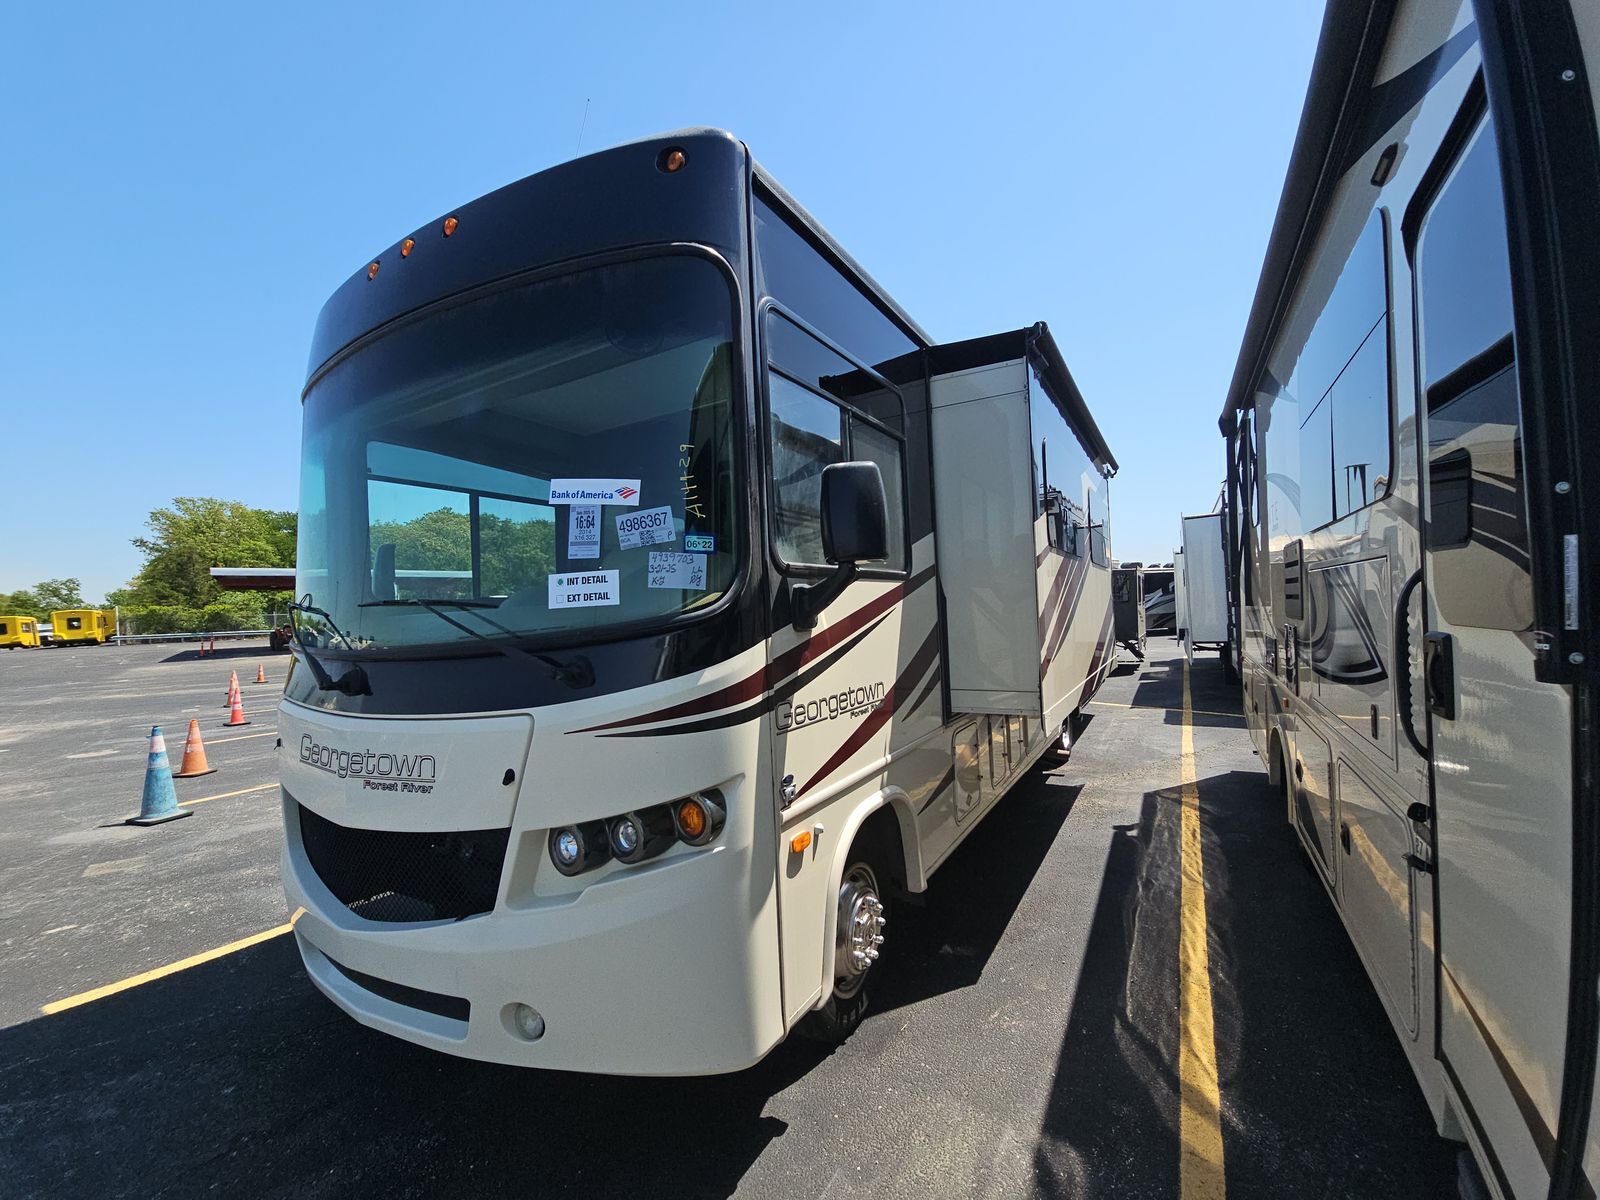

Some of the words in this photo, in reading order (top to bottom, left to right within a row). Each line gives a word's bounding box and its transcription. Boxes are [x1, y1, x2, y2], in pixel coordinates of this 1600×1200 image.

[551, 490, 571, 499] Bank
[571, 490, 580, 499] of
[580, 490, 614, 500] America
[576, 515, 595, 529] 16:64
[619, 512, 668, 533] 4986367
[566, 577, 580, 586] INT
[581, 575, 609, 585] DETAIL
[567, 593, 582, 603] EXT
[583, 592, 611, 602] DETAIL
[774, 681, 885, 732] Georgetown
[300, 733, 436, 779] Georgetown
[363, 779, 399, 792] Forest
[400, 782, 434, 794] River

━━━

Exercise: Only the text of the records is to be reproduced exactly; skip the pictures.

Result:
Some of the words in this photo, in reading order (top to bottom, left to right within a row). Each line gives a word's bounding box and its transcription. Boxes are [x1, y1, x2, y2], in pixel coordinates of this 1600×1200 image.

[551, 490, 571, 499] Bank
[571, 490, 580, 499] of
[580, 490, 614, 500] America
[576, 515, 595, 529] 16:64
[619, 512, 668, 533] 4986367
[566, 577, 580, 586] INT
[581, 575, 609, 585] DETAIL
[567, 593, 582, 603] EXT
[583, 592, 611, 602] DETAIL
[774, 681, 885, 732] Georgetown
[300, 733, 436, 779] Georgetown
[363, 779, 399, 792] Forest
[400, 782, 434, 794] River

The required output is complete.